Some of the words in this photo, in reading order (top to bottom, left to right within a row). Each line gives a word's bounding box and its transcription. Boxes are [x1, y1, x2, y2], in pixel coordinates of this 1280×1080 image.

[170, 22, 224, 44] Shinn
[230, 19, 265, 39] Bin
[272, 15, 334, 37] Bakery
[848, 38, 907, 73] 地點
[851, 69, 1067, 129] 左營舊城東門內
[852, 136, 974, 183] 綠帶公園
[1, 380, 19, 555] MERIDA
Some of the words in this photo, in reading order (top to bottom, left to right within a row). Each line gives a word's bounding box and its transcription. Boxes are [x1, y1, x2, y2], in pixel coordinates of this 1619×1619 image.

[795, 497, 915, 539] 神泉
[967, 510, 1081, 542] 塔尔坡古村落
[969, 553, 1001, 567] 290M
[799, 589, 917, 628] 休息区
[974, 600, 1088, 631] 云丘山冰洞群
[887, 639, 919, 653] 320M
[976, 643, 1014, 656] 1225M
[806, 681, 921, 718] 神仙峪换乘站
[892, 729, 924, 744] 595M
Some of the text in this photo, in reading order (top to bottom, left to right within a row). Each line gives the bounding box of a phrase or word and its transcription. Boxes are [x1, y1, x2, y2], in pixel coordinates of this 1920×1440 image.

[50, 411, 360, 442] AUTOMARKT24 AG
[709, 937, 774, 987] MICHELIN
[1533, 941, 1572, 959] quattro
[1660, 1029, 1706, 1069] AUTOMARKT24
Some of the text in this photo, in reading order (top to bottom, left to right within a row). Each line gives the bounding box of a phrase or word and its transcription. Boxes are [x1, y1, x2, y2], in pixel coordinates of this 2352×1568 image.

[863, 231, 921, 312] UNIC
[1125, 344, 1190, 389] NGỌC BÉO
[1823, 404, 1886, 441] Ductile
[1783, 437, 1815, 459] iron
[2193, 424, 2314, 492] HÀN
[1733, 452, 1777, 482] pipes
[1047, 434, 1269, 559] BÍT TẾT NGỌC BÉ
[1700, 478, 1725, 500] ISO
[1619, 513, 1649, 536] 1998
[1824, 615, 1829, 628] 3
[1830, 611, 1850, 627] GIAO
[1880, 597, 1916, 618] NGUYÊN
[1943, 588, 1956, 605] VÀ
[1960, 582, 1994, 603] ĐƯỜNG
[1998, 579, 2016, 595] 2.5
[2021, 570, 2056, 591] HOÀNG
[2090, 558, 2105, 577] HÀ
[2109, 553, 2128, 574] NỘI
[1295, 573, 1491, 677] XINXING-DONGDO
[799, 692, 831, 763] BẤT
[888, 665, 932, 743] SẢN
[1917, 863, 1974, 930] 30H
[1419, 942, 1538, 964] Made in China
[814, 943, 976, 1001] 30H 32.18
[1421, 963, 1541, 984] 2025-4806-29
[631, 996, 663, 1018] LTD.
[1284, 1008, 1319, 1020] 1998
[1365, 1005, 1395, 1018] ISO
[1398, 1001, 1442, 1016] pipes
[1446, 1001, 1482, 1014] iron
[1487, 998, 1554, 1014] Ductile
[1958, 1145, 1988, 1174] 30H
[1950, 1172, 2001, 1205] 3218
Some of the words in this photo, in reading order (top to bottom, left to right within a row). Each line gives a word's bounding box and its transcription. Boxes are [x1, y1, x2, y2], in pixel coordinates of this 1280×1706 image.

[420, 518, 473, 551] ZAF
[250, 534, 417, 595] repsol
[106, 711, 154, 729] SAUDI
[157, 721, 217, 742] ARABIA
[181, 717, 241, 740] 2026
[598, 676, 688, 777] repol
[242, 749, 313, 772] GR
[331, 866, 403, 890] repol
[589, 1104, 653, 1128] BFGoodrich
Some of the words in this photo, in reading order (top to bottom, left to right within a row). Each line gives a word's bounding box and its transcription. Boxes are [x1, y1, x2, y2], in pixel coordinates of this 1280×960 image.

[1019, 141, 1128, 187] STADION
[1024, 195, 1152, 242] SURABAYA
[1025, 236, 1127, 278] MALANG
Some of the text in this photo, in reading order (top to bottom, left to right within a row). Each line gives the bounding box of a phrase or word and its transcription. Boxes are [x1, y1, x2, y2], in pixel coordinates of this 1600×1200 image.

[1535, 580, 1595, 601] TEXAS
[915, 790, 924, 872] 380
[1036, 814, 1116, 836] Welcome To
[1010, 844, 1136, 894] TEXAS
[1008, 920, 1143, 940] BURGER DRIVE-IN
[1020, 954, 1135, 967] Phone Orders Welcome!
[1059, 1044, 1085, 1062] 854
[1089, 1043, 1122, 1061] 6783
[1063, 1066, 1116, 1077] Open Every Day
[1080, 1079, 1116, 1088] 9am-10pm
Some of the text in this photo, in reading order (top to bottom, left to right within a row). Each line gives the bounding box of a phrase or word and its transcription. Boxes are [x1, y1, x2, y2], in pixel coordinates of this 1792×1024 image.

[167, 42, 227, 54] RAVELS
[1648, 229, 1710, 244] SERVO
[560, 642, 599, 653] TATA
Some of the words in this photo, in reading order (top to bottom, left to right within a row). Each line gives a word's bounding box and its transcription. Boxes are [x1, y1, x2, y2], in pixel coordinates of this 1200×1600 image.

## TASK OBJECTIVE
The whole of the material above needs to be copied exactly.

## EXERCISE ANSWER
Some of the words in this photo, in reading order (top to bottom, left to right within a row). Each line gives a word's bounding box and its transcription. Boxes are [x1, y1, x2, y2], in pixel coordinates of this 1280×1080 image.

[170, 22, 224, 44] Shinn
[230, 19, 265, 39] Bin
[272, 15, 334, 37] Bakery
[848, 38, 907, 73] 地點
[851, 69, 1067, 129] 左營舊城東門內
[852, 136, 974, 183] 綠帶公園
[1, 380, 19, 555] MERIDA
Some of the words in this photo, in reading order (top to bottom, left to right within a row). Each line gives a word's bounding box and its transcription. Boxes are [x1, y1, x2, y2], in pixel coordinates of this 1619×1619 image.

[795, 497, 915, 539] 神泉
[967, 510, 1081, 542] 塔尔坡古村落
[969, 553, 1001, 567] 290M
[799, 589, 917, 628] 休息区
[974, 600, 1088, 631] 云丘山冰洞群
[887, 639, 919, 653] 320M
[976, 643, 1014, 656] 1225M
[806, 681, 921, 718] 神仙峪换乘站
[892, 729, 924, 744] 595M
Some of the text in this photo, in reading order (top to bottom, left to right within a row). Each line gives the bounding box of a phrase or word and its transcription. Boxes are [x1, y1, x2, y2], in pixel coordinates of this 1920×1440 image.

[50, 411, 360, 442] AUTOMARKT24 AG
[709, 937, 774, 987] MICHELIN
[1533, 941, 1572, 959] quattro
[1660, 1029, 1706, 1069] AUTOMARKT24
Some of the text in this photo, in reading order (top to bottom, left to right within a row). Each line gives the bounding box of a phrase or word and its transcription. Boxes are [x1, y1, x2, y2], in pixel coordinates of this 2352×1568 image.

[863, 231, 921, 312] UNIC
[1125, 344, 1190, 389] NGỌC BÉO
[1823, 404, 1886, 441] Ductile
[1783, 437, 1815, 459] iron
[2193, 424, 2314, 492] HÀN
[1733, 452, 1777, 482] pipes
[1047, 434, 1269, 559] BÍT TẾT NGỌC BÉ
[1700, 478, 1725, 500] ISO
[1619, 513, 1649, 536] 1998
[1824, 615, 1829, 628] 3
[1830, 611, 1850, 627] GIAO
[1880, 597, 1916, 618] NGUYÊN
[1943, 588, 1956, 605] VÀ
[1960, 582, 1994, 603] ĐƯỜNG
[1998, 579, 2016, 595] 2.5
[2021, 570, 2056, 591] HOÀNG
[2090, 558, 2105, 577] HÀ
[2109, 553, 2128, 574] NỘI
[1295, 573, 1491, 677] XINXING-DONGDO
[799, 692, 831, 763] BẤT
[888, 665, 932, 743] SẢN
[1917, 863, 1974, 930] 30H
[1419, 942, 1538, 964] Made in China
[814, 943, 976, 1001] 30H 32.18
[1421, 963, 1541, 984] 2025-4806-29
[631, 996, 663, 1018] LTD.
[1284, 1008, 1319, 1020] 1998
[1365, 1005, 1395, 1018] ISO
[1398, 1001, 1442, 1016] pipes
[1446, 1001, 1482, 1014] iron
[1487, 998, 1554, 1014] Ductile
[1958, 1145, 1988, 1174] 30H
[1950, 1172, 2001, 1205] 3218
Some of the words in this photo, in reading order (top to bottom, left to right within a row). Each line gives a word's bounding box and its transcription. Boxes are [x1, y1, x2, y2], in pixel coordinates of this 1280×1706 image.

[420, 518, 473, 551] ZAF
[250, 534, 417, 595] repsol
[106, 711, 154, 729] SAUDI
[157, 721, 217, 742] ARABIA
[181, 717, 241, 740] 2026
[598, 676, 688, 777] repol
[242, 749, 313, 772] GR
[331, 866, 403, 890] repol
[589, 1104, 653, 1128] BFGoodrich
Some of the words in this photo, in reading order (top to bottom, left to right within a row). Each line gives a word's bounding box and its transcription. Boxes are [x1, y1, x2, y2], in pixel coordinates of this 1280×960 image.

[1019, 141, 1128, 187] STADION
[1024, 195, 1152, 242] SURABAYA
[1025, 236, 1127, 278] MALANG
Some of the text in this photo, in reading order (top to bottom, left to right within a row). Each line gives the bounding box of a phrase or word and its transcription. Boxes are [x1, y1, x2, y2], in pixel coordinates of this 1600×1200 image.

[1535, 580, 1595, 601] TEXAS
[915, 790, 924, 872] 380
[1036, 814, 1116, 836] Welcome To
[1010, 844, 1136, 894] TEXAS
[1008, 920, 1143, 940] BURGER DRIVE-IN
[1020, 954, 1135, 967] Phone Orders Welcome!
[1059, 1044, 1085, 1062] 854
[1089, 1043, 1122, 1061] 6783
[1063, 1066, 1116, 1077] Open Every Day
[1080, 1079, 1116, 1088] 9am-10pm
Some of the text in this photo, in reading order (top to bottom, left to right within a row). Each line gives the bounding box of a phrase or word and its transcription. Boxes are [x1, y1, x2, y2], in pixel coordinates of this 1792×1024 image.

[167, 42, 227, 54] RAVELS
[1648, 229, 1710, 244] SERVO
[560, 642, 599, 653] TATA
Some of the words in this photo, in reading order (top to bottom, left to right within a row). Each line gives a word's bounding box and its transcription. Boxes are [x1, y1, x2, y2], in pixel coordinates of this 1200×1600 image.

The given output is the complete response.